At the same time, patients more likely to be discharged on day 20 tended to fit the profile of patients who have had higher rates of hospital use and repeat hospitalizations in other studies, said Dr. Jennifer Goldstein of the Christiana Care Health and Sidney Kimmel Medical College in Philadelphia.

"Those characteristics include male sex, African American race, Hispanic ethnicity, low-income demographics and a high burden of disease," Goldstein, who wasn't involved in the study, said by email.

One limitation of the analysis is that it focused just on people with fee-for-service Medicare who didn't have other types of insurance, the study authors note.
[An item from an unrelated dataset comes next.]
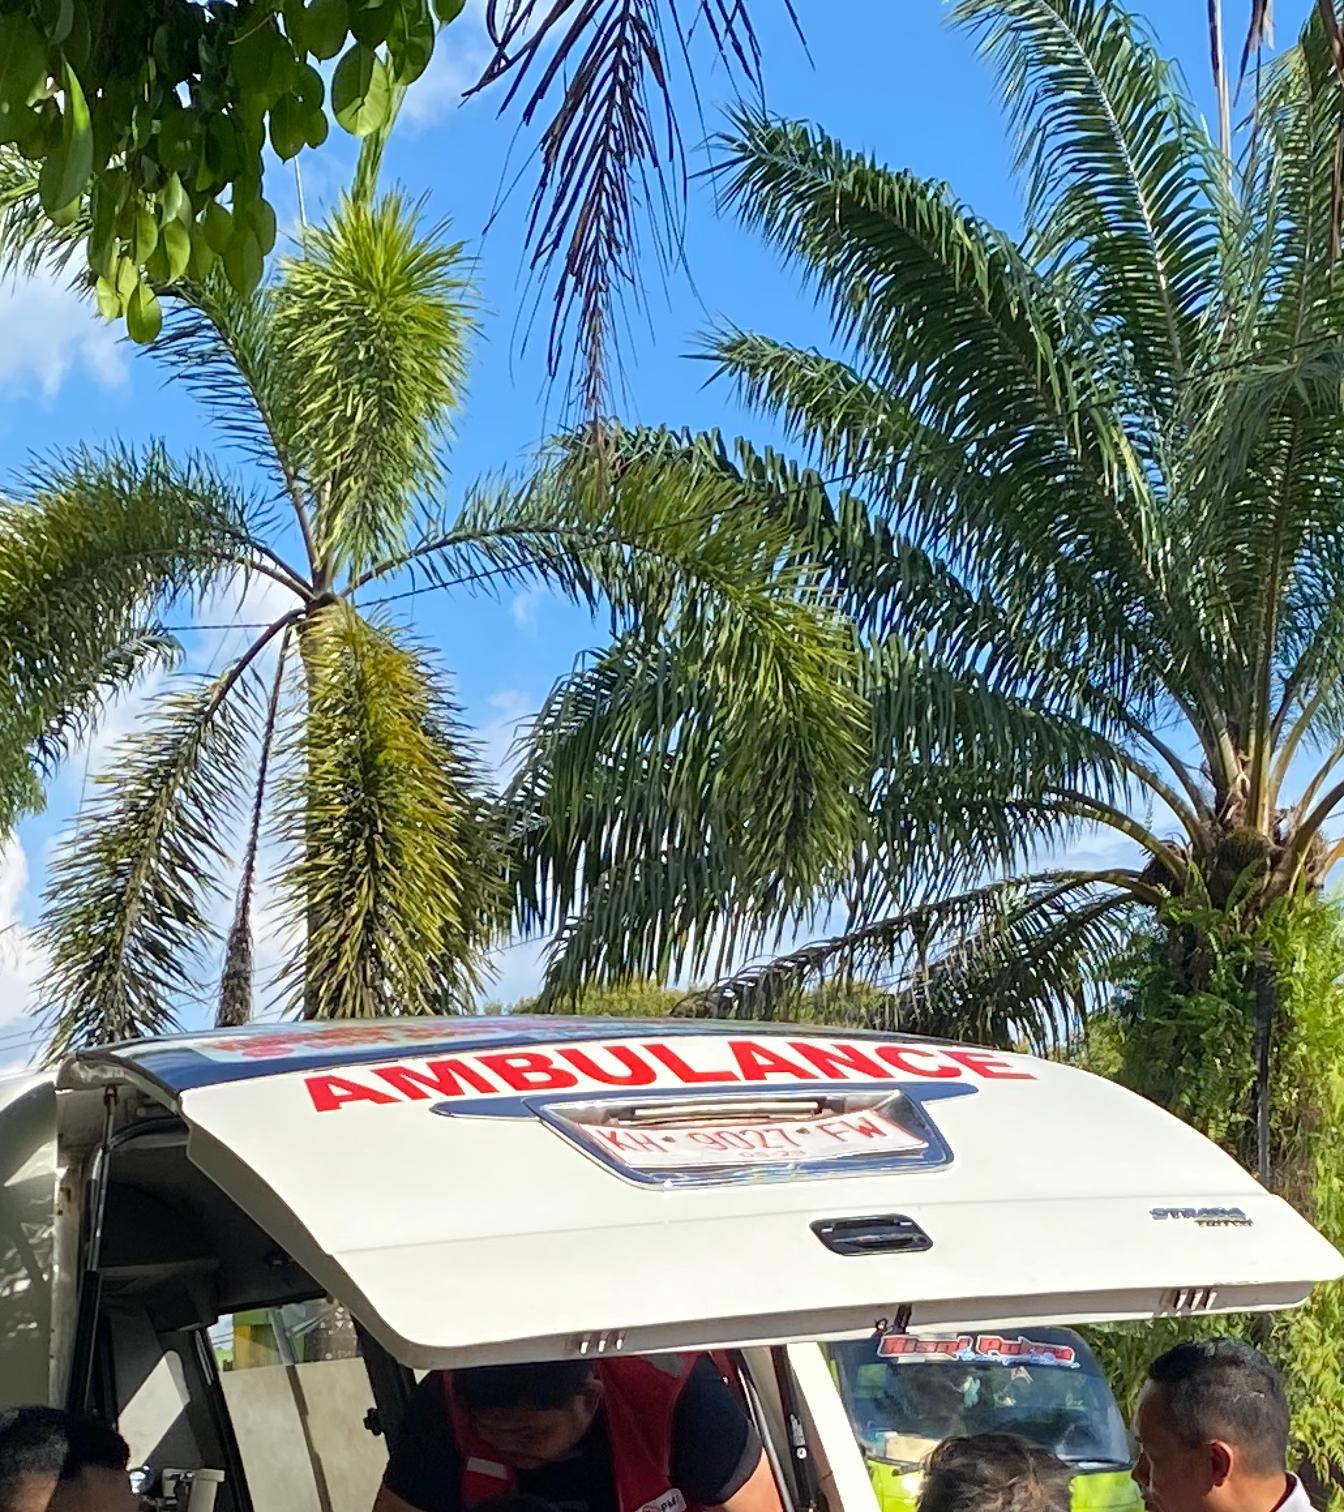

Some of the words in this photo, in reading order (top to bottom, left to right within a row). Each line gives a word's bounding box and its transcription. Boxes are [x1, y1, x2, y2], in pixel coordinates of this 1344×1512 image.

Many Medicare enrollees get supplemental insurance or sign up for coverage through private health plans or Medicaid.

Still, the results "raise concerns that patients are forgoing needed medical care because of ability to pay, and/or that skilled nursing facilities are selectively discharging such patients out of concern patients will not be able to afford the copay," said Dr. Ann Sheehy of the University of Wisconsin School of Medicine and Public Health in Madison.



"If financial reasons, as opposed to medical readiness, drive skilled nursing facility discharge, this could negatively impact health and safety for the most vulnerable Medicare beneficiaries," Sheehy, who wasn't involved in the study, said by email.